Biden Says Pandemic Is Over, Angering Some Experts
Health Care

Biden Says Pandemic Is Over, Angering Some Experts

Bryan Olin Dozier

President Joe Biden says that the Covid-19 pandemic is “over” — a declaration that is prompting some pushback from public health experts and could further complicate his administration’s months-long effort to secure billions of dollars in additional pandemic funding.

What Biden said: In an interview that was recorded last week and aired Sunday night, Biden strolled through the Detroit Auto Show with Scott Pelley of CBS’s “60 Minutes,” who asked whether the pandemic is over.

“The pandemic is over,” Biden replied. “We still have a problem with Covid. We're still doing a lot of work on it. It's -- but the pandemic is over.”

What his administration says: Those comments reportedly surprised some administration officials and come less than two weeks after the White House’s own Covid-19 response coordinator told reporters that “the pandemic isn’t over” as he laid out plans for a fall campaign to have Americans get updated vaccines and discussed annual shots going forward.

“We will remain vigilant, and of course, we continue to look for and prepare for unforeseen twists and turns,” Dr. Ashish Jha said at a press briefing on September 6. “But this week marks an important shift in our fight against the virus. It marks our ability to make COVID vaccines a more routine part of our lives as we continue to drive down serious illness and deaths and protect Americans heading into the fall and winter.”

A Biden administration said that the president’s comments do not represent a change in policy and that there are no plans to lift the public health emergency in place since January 2020, CNN’s Betsy Klein reports. HHS Secretary Xavier Becerra told Yahoo Finance that Biden is correct and was reflecting what many Americans feel, adding that vaccines are still needed.

What the numbers say: The seven-day average of new cases has fallen by nearly 30% over the past two weeks, dropping to the lowest level since early May, according to data from The New York Times — yet there are still nearly 62,000 new cases being reported daily, and that official number massively undercounts the true number of new infections because it does not include people who are testing at home.

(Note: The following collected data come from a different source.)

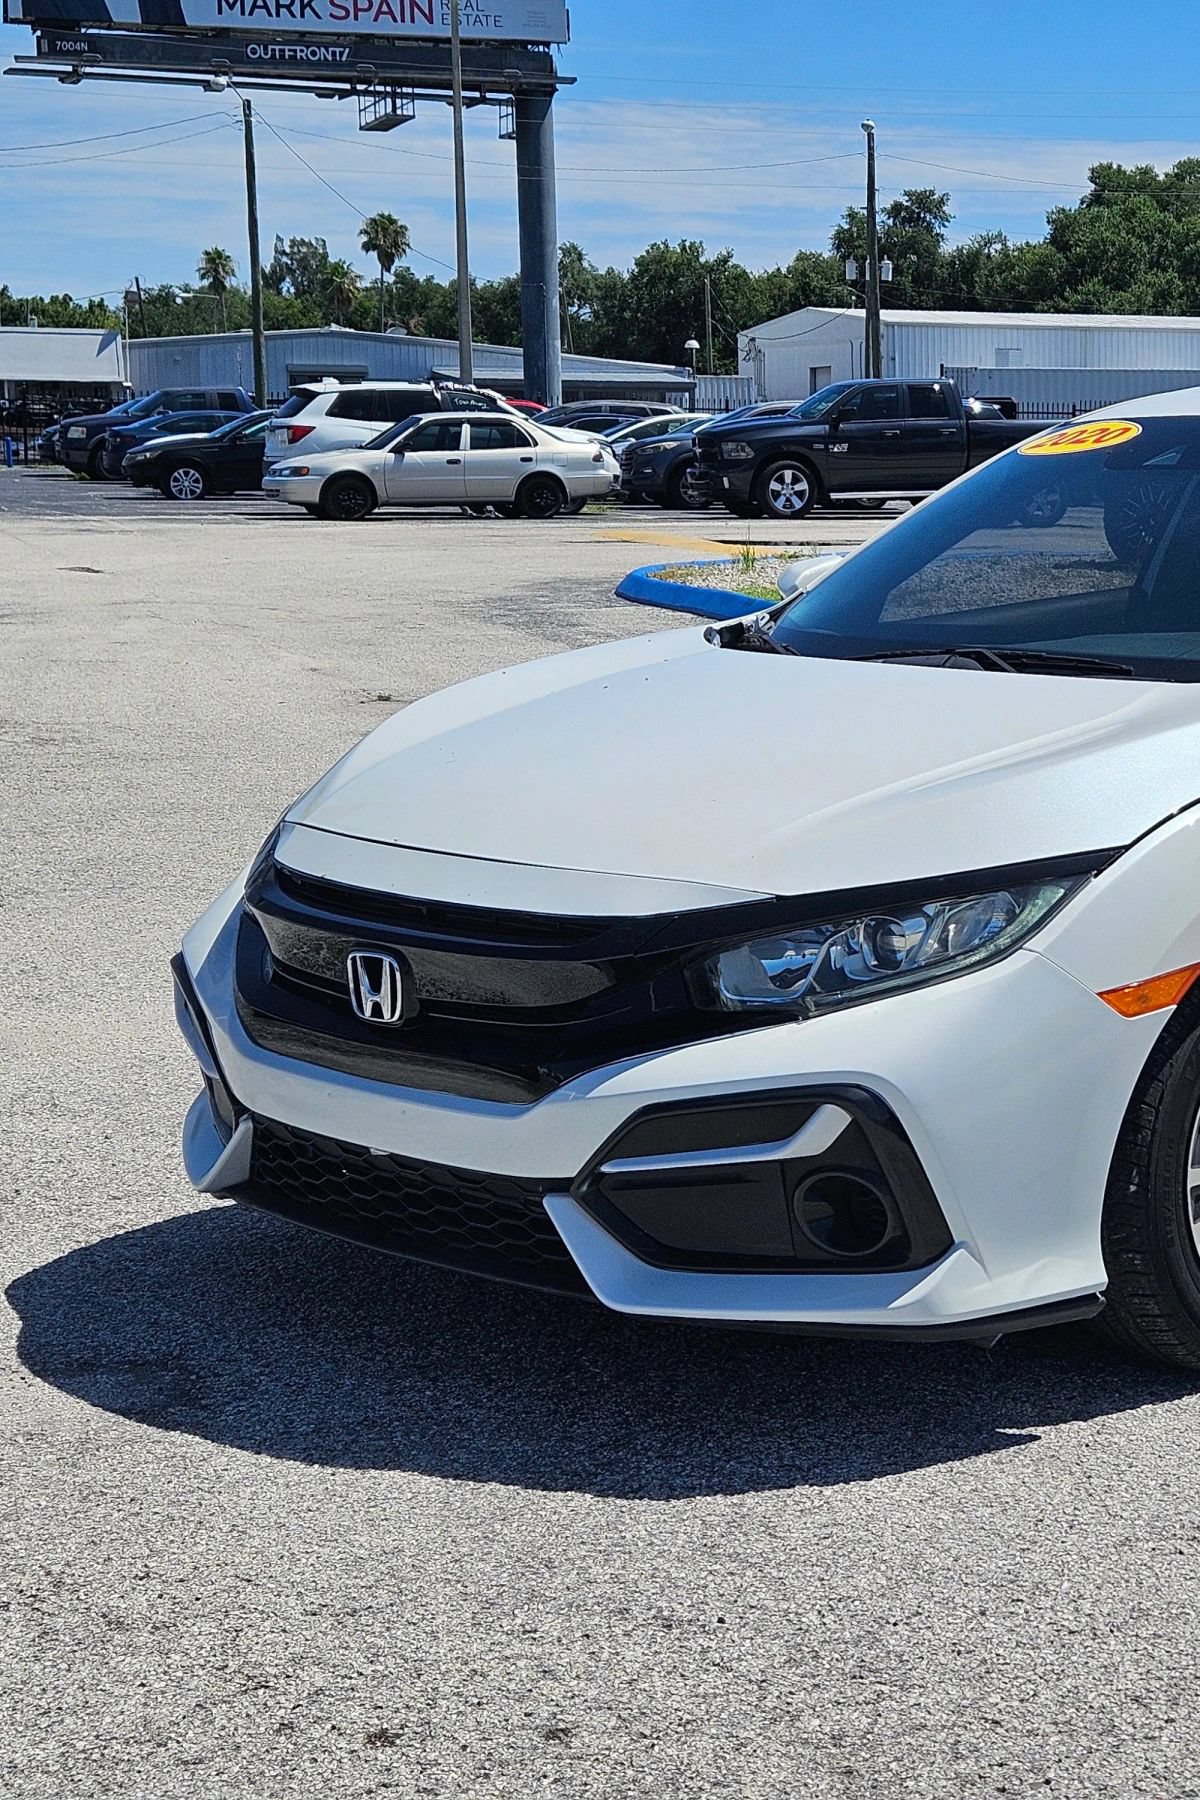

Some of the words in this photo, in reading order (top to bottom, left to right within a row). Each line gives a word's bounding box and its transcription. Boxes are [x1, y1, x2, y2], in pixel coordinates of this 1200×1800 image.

[217, 0, 323, 20] MARK
[328, 0, 434, 24] SPAIN
[55, 40, 88, 51] 7004N
[1028, 427, 1132, 448] 2020
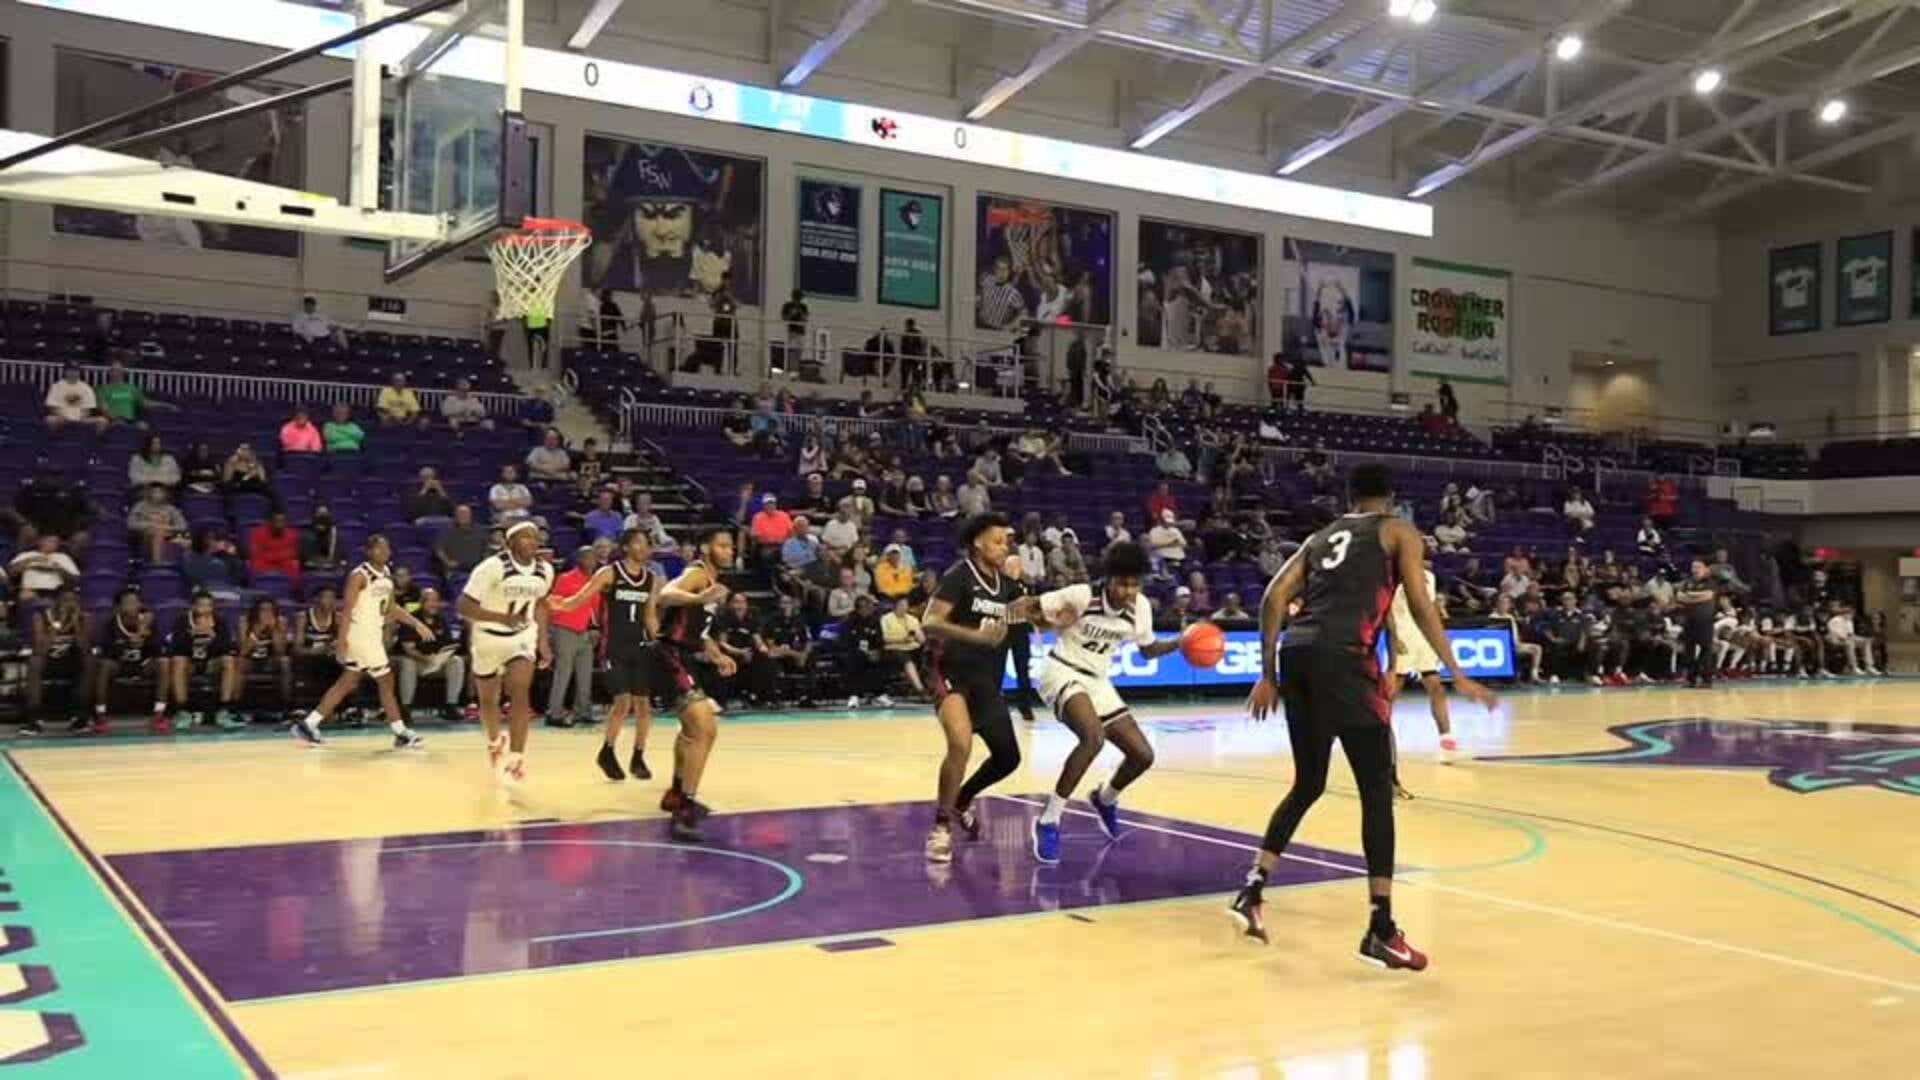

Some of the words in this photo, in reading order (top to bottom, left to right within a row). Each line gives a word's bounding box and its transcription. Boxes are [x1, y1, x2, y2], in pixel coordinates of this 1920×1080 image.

[584, 62, 599, 87] 0
[954, 126, 968, 150] 0
[638, 159, 673, 190] FSW
[1320, 529, 1353, 571] 3
[630, 603, 637, 623] 1

More than 450 people are still dying from Covid-19 each day, or about 3,000 people a week.

What public health experts say: Biden apparently impromptu comments raised some alarms among public health experts.

“Wish this was true,” tweeted Dr. Eric Topol of the Scripps Research Translational Institute. “What's over is @POTUS’s and our government's will to get ahead of it, with magical thinking on the new bivalent boosters.” And Dr. Kavita Patel wrote: “There is a fine line between injecting a sense of optimism/hope and telling people the truth that with 400-500 deaths/day plus a very unpredictable winter ahead it’s far from over.”

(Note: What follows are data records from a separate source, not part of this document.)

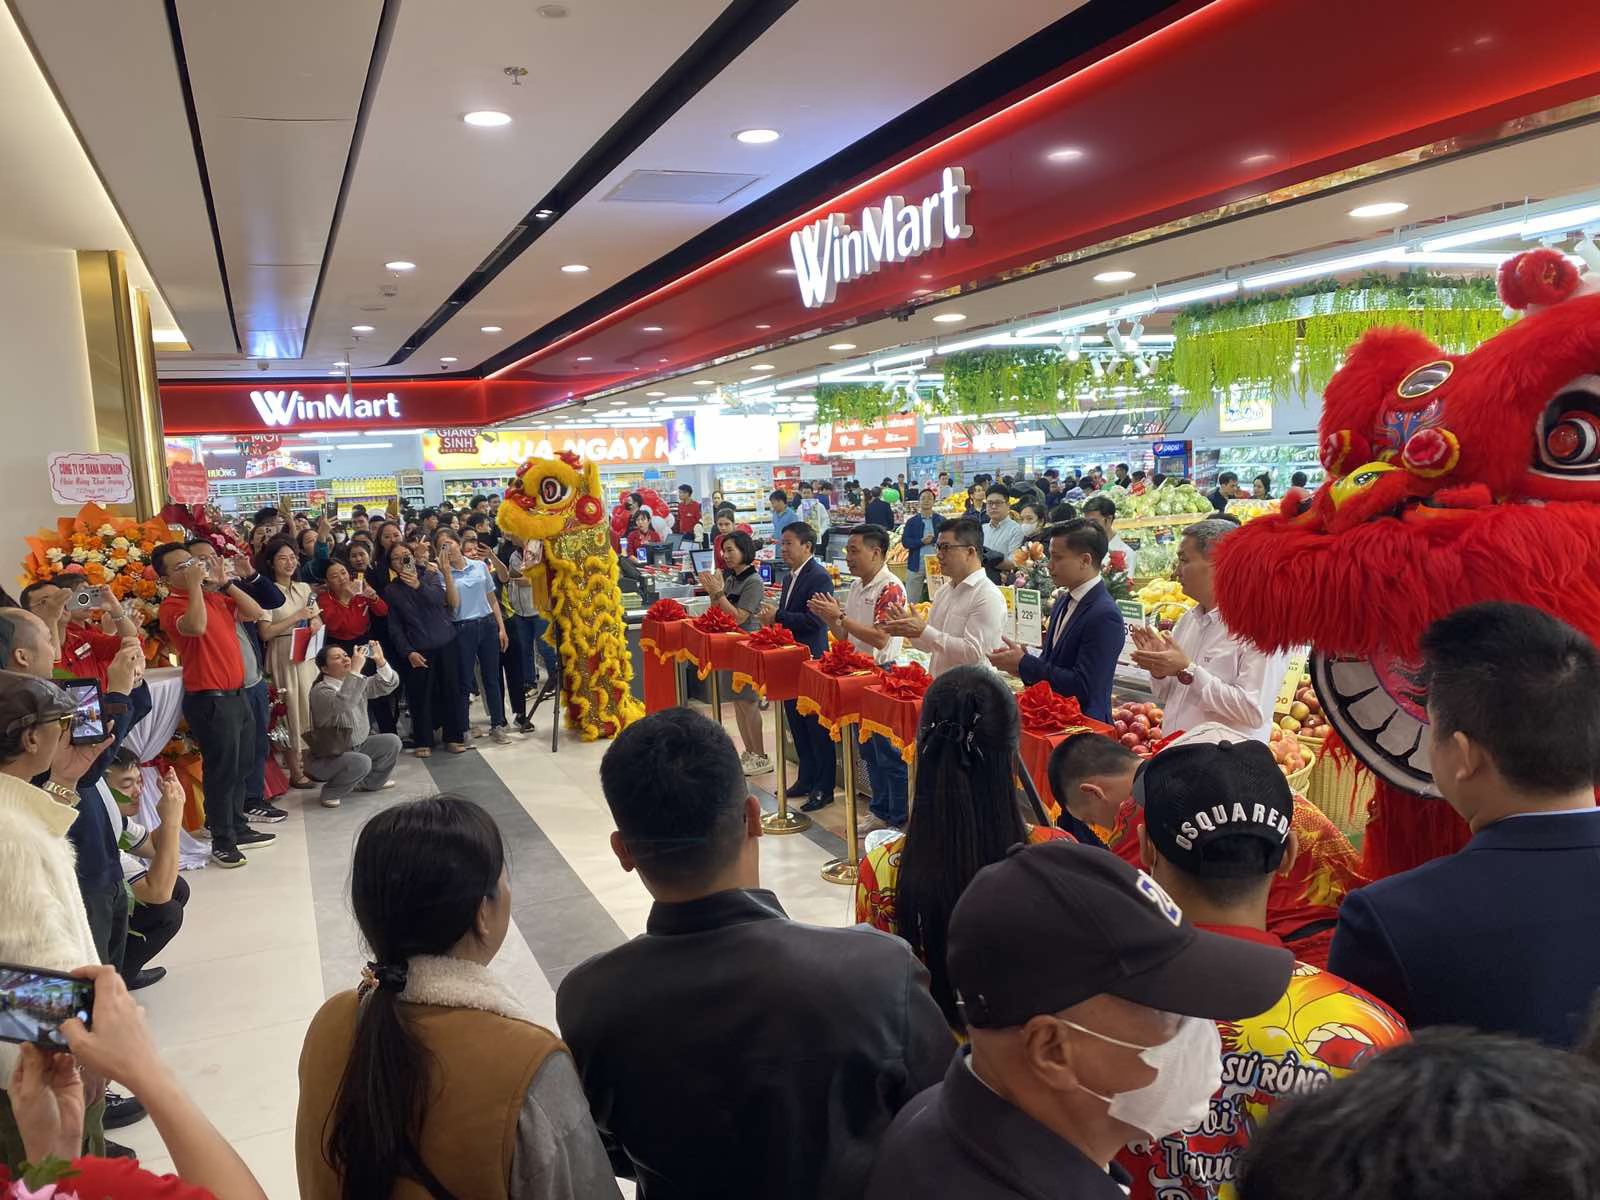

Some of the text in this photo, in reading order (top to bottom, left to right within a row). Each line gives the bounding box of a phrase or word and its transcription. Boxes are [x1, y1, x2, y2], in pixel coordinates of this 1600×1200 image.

[790, 167, 972, 308] WinMart
[250, 390, 400, 426] WinMart
[444, 437, 473, 448] SINH
[480, 438, 553, 465] MUA
[563, 437, 648, 460] NGAY
[1164, 442, 1180, 452] pepsi
[1222, 1053, 1259, 1086] SƯ

Why it matters: Besides the public health implications of Biden’s comments, which could be significant, the White House this month also requested another $22.4 billion in funding for Covid-19 testing, research and preparation — money it said is “vital to our ability to protect and build on the progress we’ve made.” Republicans have opposed any additional Covid-19 funding, arguing that the administration should find the money it needs from previously authorized spending.

“Republicans on Sunday night raised questions about why the administration would renew its ongoing public health emergency if the pandemic is over,” The Washington Post’s Dan Diamond reports, noting that as many as 15.8 million Americans could lose Medicaid coverage once the emergency ends, according to estimates from the Urban Institute.

While new Covid-19 funding reportedly is unlikely to make it into the stopgap spending bill Congress needs to take up before the end of the month, the president’s comments could also make it harder to secure additional money down the line. “The administration is currently taking some steps to move pieces of the pandemic response toward the commercial market, efforts that are likely to be accelerated in the absence of federal funding,” CNN notes.

The bottom line: Go get your Covid boosters.